Black Gold
By THORP McCLUSKY
An atrocity committed on a slave-ship comes to shocking discovery to wreak revenge on one of the captain's descendants
HENRY CABOT WADE stood in the small main cabin of the schooner Marianne, his patrician forefinger pointing out a small black cross that enigmatically marked the faded chart beneath his hands. Henry Cabot Wade's thin shoulders were stooped, for the cabin, although comfortably appointed, was low-ceiled. The last of the Wades was not as rich as his forefathers had been; as the family fortunes had shrunk so had their sailing craft.
"I think that this is the spot, Captain Manly." Wade's voice was thin, New Englandish, like the bite of frosty air.
Jeremiah Manly nodded. He spoke in a slow, twangy drawl.
"Yes. These are without doubt the two islands indicated on the chart. The strait between is the proper width, and our soundings indicate six fathoms of water."
Wade smiled bleakly.
"I suppose it is too late to begin the search today."

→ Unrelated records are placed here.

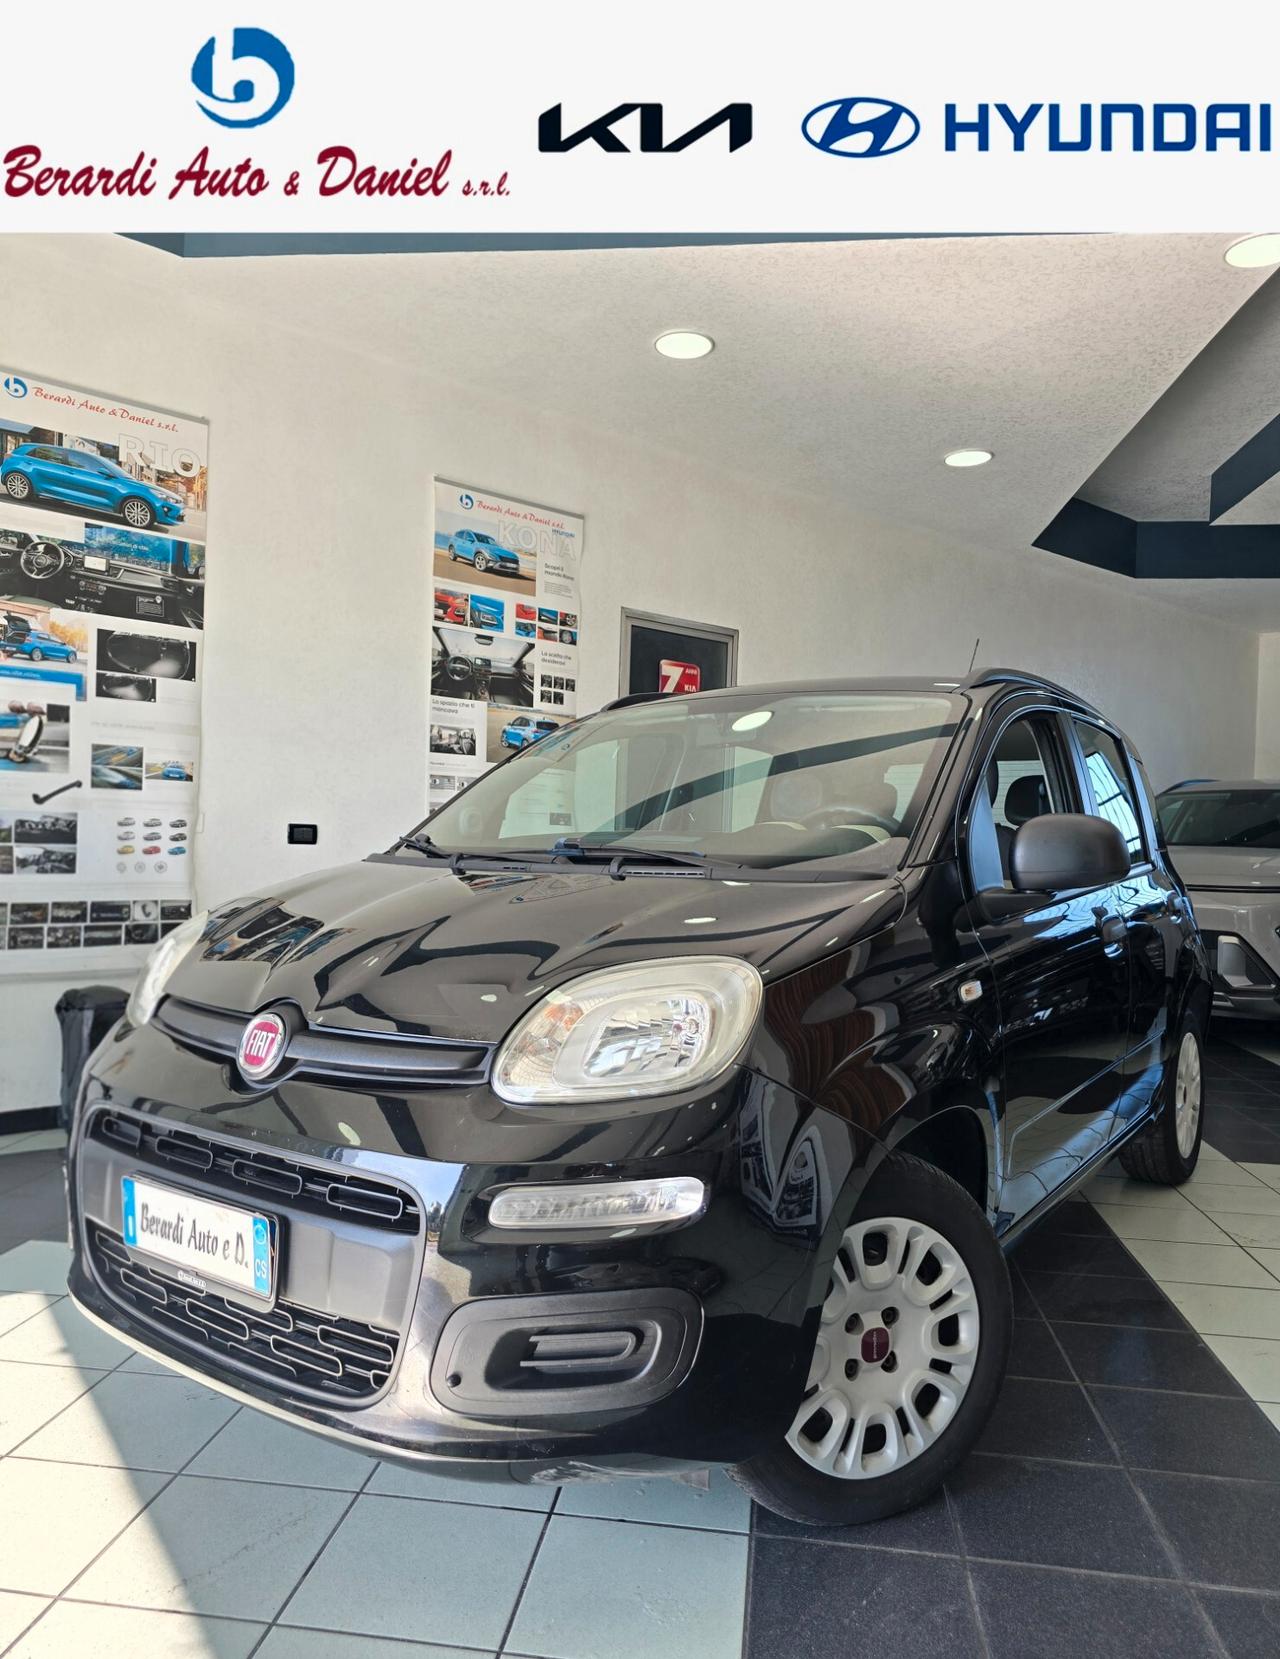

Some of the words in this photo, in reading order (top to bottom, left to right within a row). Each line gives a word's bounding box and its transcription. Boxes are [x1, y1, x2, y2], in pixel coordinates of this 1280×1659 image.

[32, 387, 76, 406] Berardi
[77, 400, 106, 414] Auto
[108, 408, 118, 418] &
[118, 407, 155, 426] Daniel
[157, 421, 179, 433] s.r.l.
[118, 433, 201, 478] RIO
[476, 500, 503, 514] Berardi
[503, 507, 521, 519] Auto
[528, 512, 551, 526] Daniel
[498, 520, 577, 561] KONA
[661, 664, 684, 693] 7
[684, 684, 697, 693] KIA
[246, 1029, 276, 1058] FIAT
[141, 1202, 184, 1246] Berardi
[187, 1219, 218, 1256] Auto
[222, 1238, 231, 1260] e
[235, 1231, 249, 1269] D.
[254, 1258, 268, 1279] CS
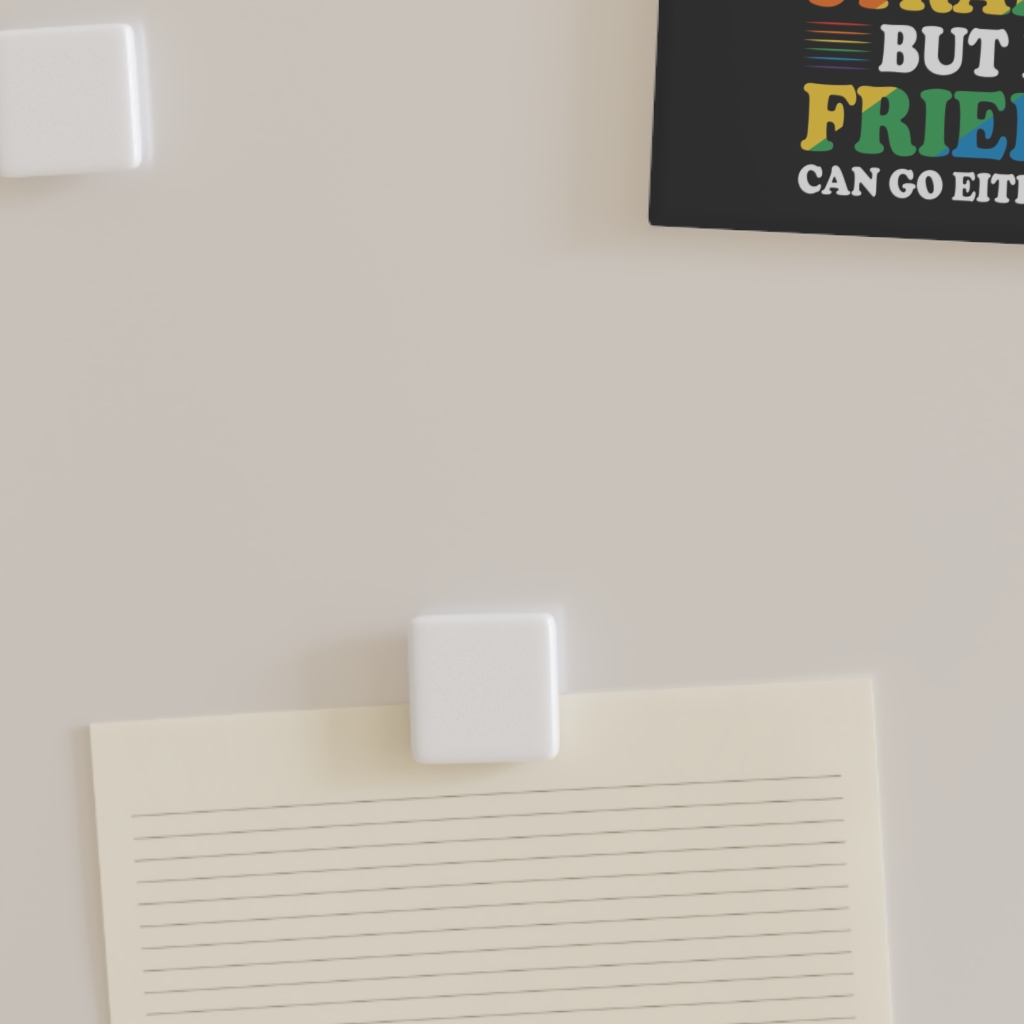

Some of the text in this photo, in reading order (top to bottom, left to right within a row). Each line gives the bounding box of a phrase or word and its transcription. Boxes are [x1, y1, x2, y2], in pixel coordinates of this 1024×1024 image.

[878, 24, 1009, 77] BUT
[798, 164, 880, 197] CAN
[889, 168, 943, 200] GO
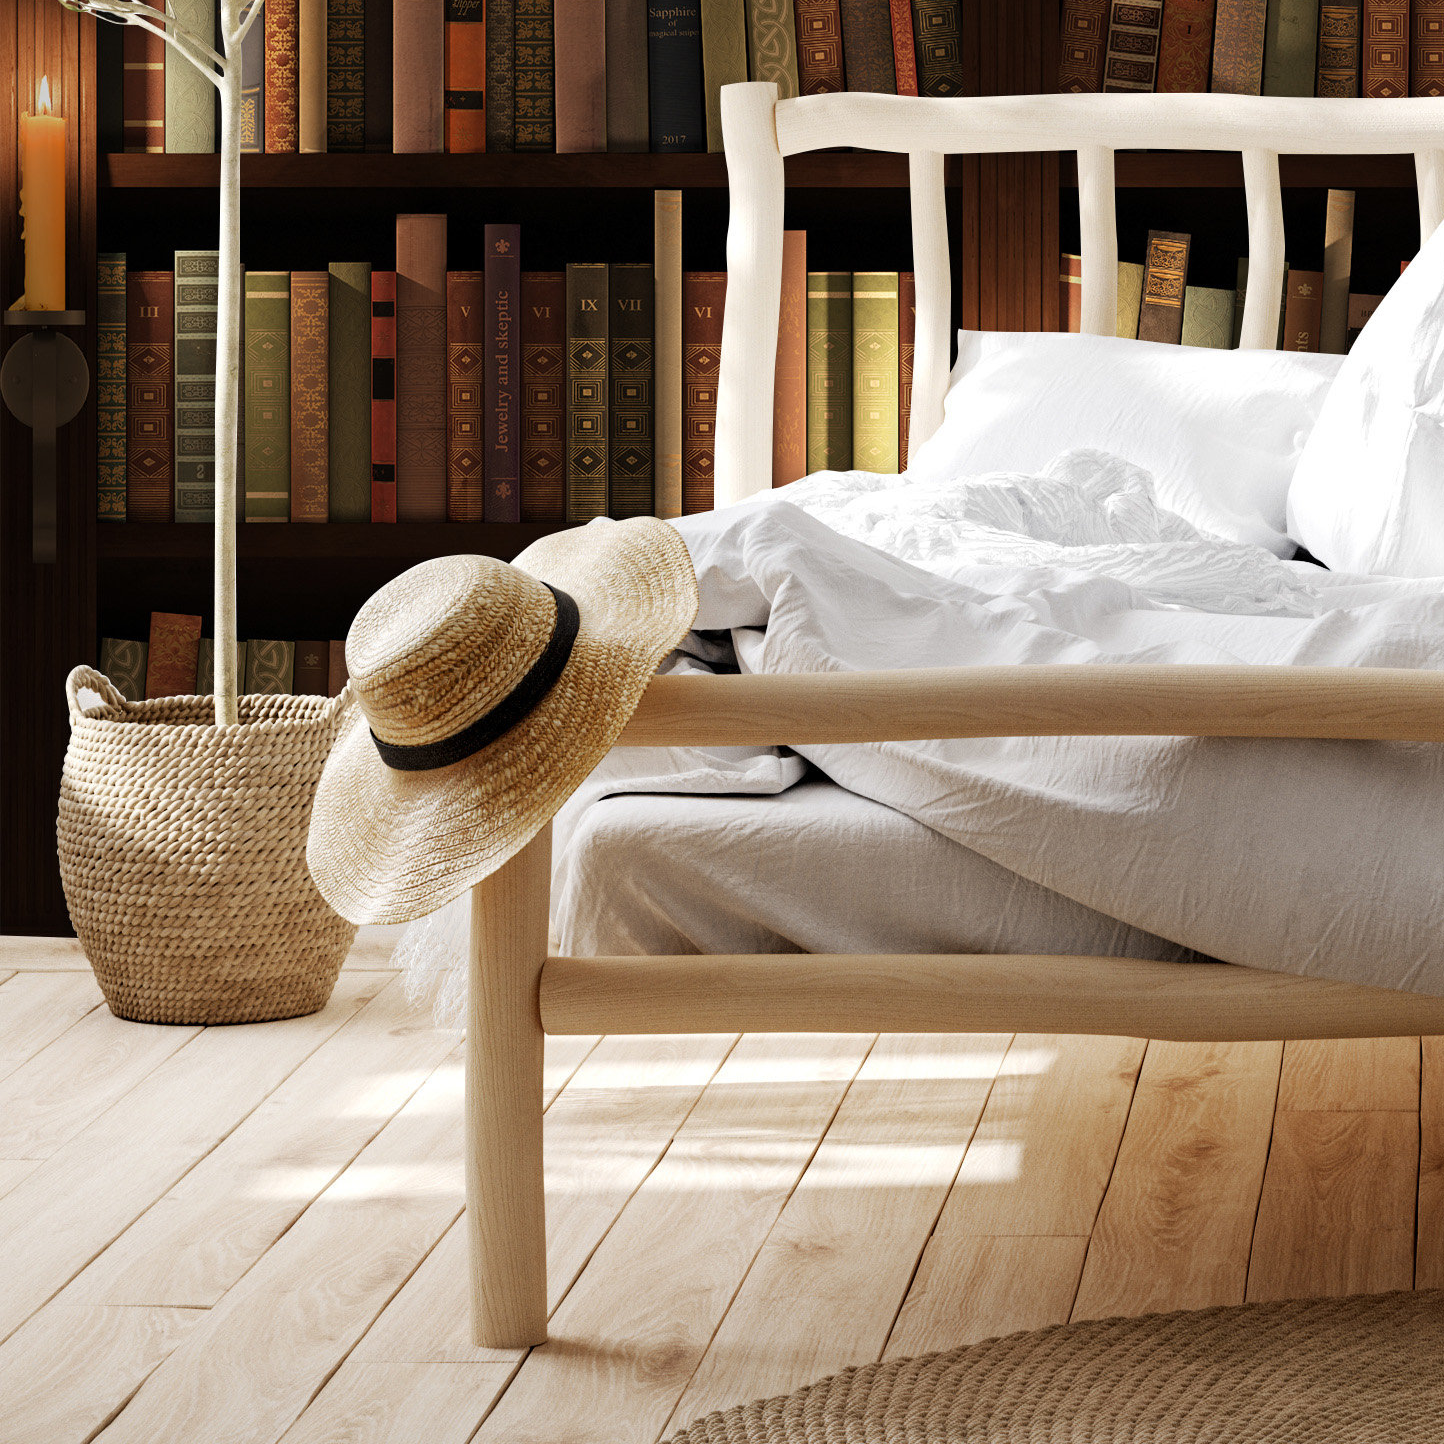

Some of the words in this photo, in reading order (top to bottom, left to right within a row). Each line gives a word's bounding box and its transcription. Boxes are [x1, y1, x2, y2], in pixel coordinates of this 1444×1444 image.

[649, 6, 697, 20] Sapphire
[648, 29, 678, 39] magical
[662, 134, 687, 145] 2017
[580, 298, 599, 311] IX
[617, 298, 642, 311] VII
[139, 306, 160, 318] III
[460, 306, 472, 318] V
[532, 306, 552, 318] VI
[694, 306, 712, 318] VI
[495, 290, 512, 347] skeptic
[495, 355, 508, 386] and
[495, 389, 512, 452] Jewelry

"Yes. The sunlight is fading. We'll remain at this anchorage for the night, and begin work around ten in the morning."
Wade's precise smile broadened.
"That glass-bottomed boat should get results in quick time. This isn't a wide channel." For a moment he squinted at the chart. "I wonder what we'll find? Blade gold! What a secretive way for my revered ancestor to put it down on paper! Ten tons of black gold! And he hid this chart away in the bottom of his personal chest, so carefully. What is black gold?"
Both men stared down at the chart.
It was enigmatic—that black cross marked at the mouth of a narrow strait that ran between two small islands. But more enigmatic than the aged chart was the incoherent message written in irregular, angular letters across its face:
Here lie, six fathoms down, ten tons of black gold. And I know now that for this crime I am accursed. May God have mercy on my soul!
Captain Manly cleared his throat in embarrassment.
"You know how your ancestor Ebenezer Wade got his wealth, I assume?"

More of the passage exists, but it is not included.